Figure 5 : Pre-contrast axial CT

  • Arrowheads point to subarachnoid blood in the sulci and SA space.
  • Black arrow points to subdural blood.
  • Normal sulci are filled with low density normal CSF and appear dark. Sulci filled with blood appear hyperdense.
  • White arrow points to shift of midline to right.

Figure 6

 Intracerebral Hemorrhage (ICH)

  • Clinical effects of intracranial hemorrhage vary, many patients exhibit impaired consciousness.
  • The most common causes of ICH are hypertension, trauma, rupture of aneurysm, rupture of AVM, tumor related hemorrhage, bleeding diatheses, illicit drug use and amyloid angiopathy in elderly.

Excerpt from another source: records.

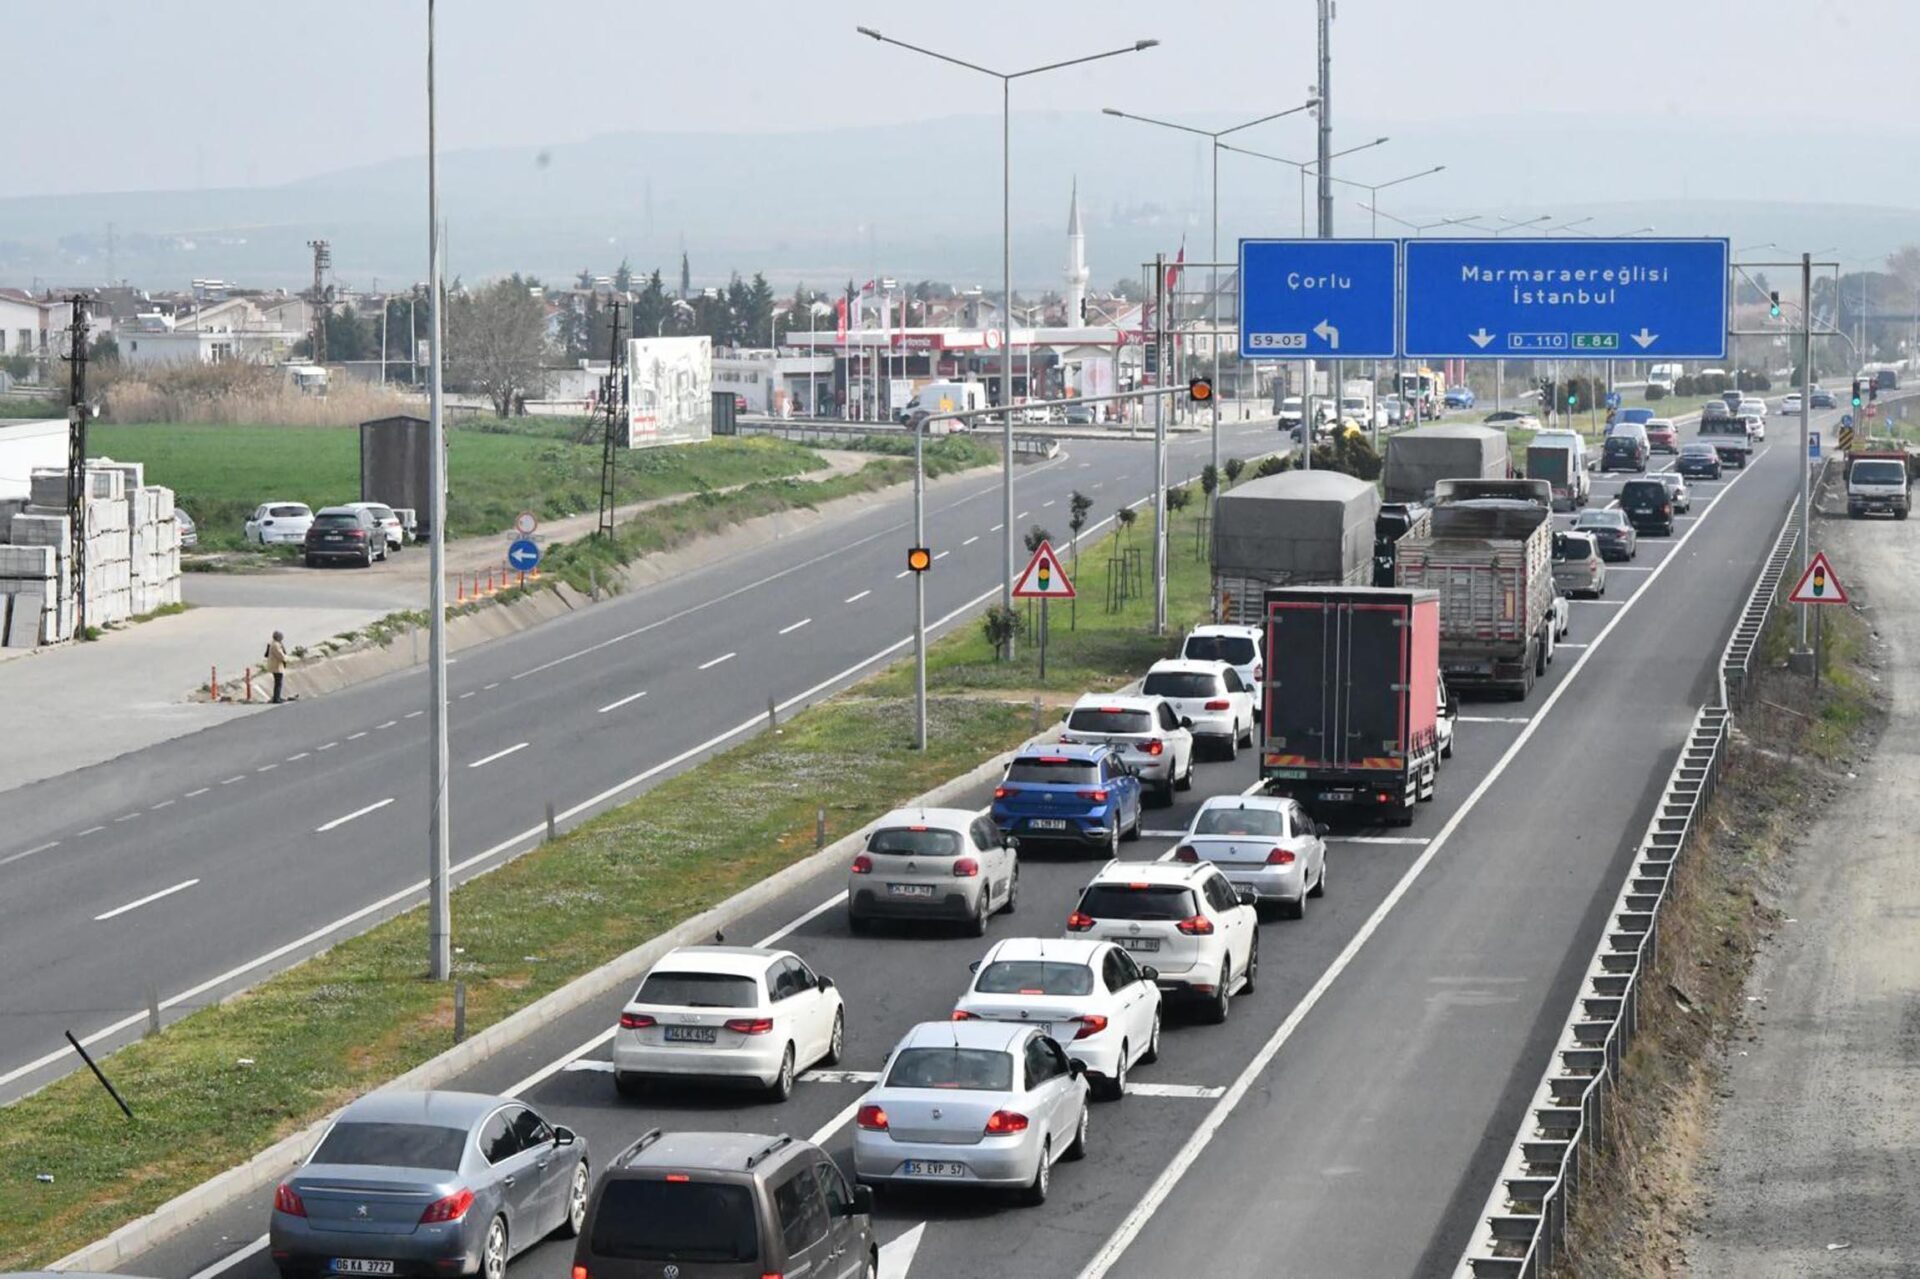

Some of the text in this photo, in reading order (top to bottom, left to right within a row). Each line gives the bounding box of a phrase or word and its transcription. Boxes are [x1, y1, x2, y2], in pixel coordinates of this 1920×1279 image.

[1287, 272, 1350, 290] Çorlu
[1462, 266, 1667, 285] Marmaraereğlisi
[1514, 285, 1614, 304] İstanbul
[1253, 335, 1303, 346] 59-05
[911, 1162, 922, 1173] 35
[950, 1163, 962, 1174] 57
[351, 1260, 363, 1271] KA
[367, 1261, 391, 1272] 3727

    Acute Intracerebral Hematoma

Case 6:

60 year-old patient with melanoma.

Imaging findings:

Figure 6 : Pre-contrast axial CT :

  • Acute intracerebral hematoma within the right temporal lobe (arrow) with surrounding edema (E). Hounsfield units in the range of hemorrhage (68 H. U.).

Hemorrhage is from metastatic melanoma bleed. Acute hematoma is seen on non-contrast imaging as an area of high density.  

 

Figure 7

    Intraventricular Hemorrhage

  • Most common in premature infants. Most intraventricular hemorrhages occur in the first 72 hours after premature birth.
  • In adults it is often due to traumatic brain injury.
  • Blood clots can block the flow of cerebrospinal fluid and cause hydrocephalus.

Case 7:

Thalamic tumor, resulted in marked degree of hydrocephalus requiring shunt catheter placement. Hemorrhage followed placement of the shunt.

Figure 7: Pre-contrast axial CT findings of shunt induced intraventricular hemorrhage:

  • T: Thalamic tumor
  • Arrow points to the shunt catheter
  • V: Intraventricular blood
  • Arrowheads point to normal CSF within the left lateral ventricle

 

Figure 8

intracerebral Hemorrhage extending into ventricles


Case 8:

Post op non-contrast CT brain study done after recent craniotomy. Post op CT demonstrates hemorrhage within the deep frontal lobe that has ruptured into the left lateral ventricle.

Imaging findings:

Figure 8. Pre-contrast axial CT

  • Left deep frontal lobe hemorrhage (H) that has ruptured into left lateral ventricle (V).
  • Arrowheads point to edema (arrowheads). E is edema.
  • Yellow arrow points to displaced craniotomy flap from brain herniation (red arrows).
  • Small white arrow points to compressed left lateral ventricle.

Systematic evaluation of imaging study in suspected cases of intracranial hemorrhage

Make sure that you are looking at non-contrast CT head.

Look for hyperdense lesion. Hemorrhage, calcium and contrast appear hyperdense in CT. Hence we need to look at non-contrast CT not to confuse contrast to hemorrhage.

  • Locate the site of hemorrhage (ventricle, sulci, brain parenchyma, peripheral surface of brain, etc).
  • Describe the shape of the density (round, biconvex, crescentic, etc).
  • Look for edema around the hemorrhage manifested as hypolucent area.
  • Look for midline shift and brain herniation.
  • Look for fracture skull and soft tissue hematoma as patients may fall down and sustain head injury.

Your report should reflect that you evaluated these points.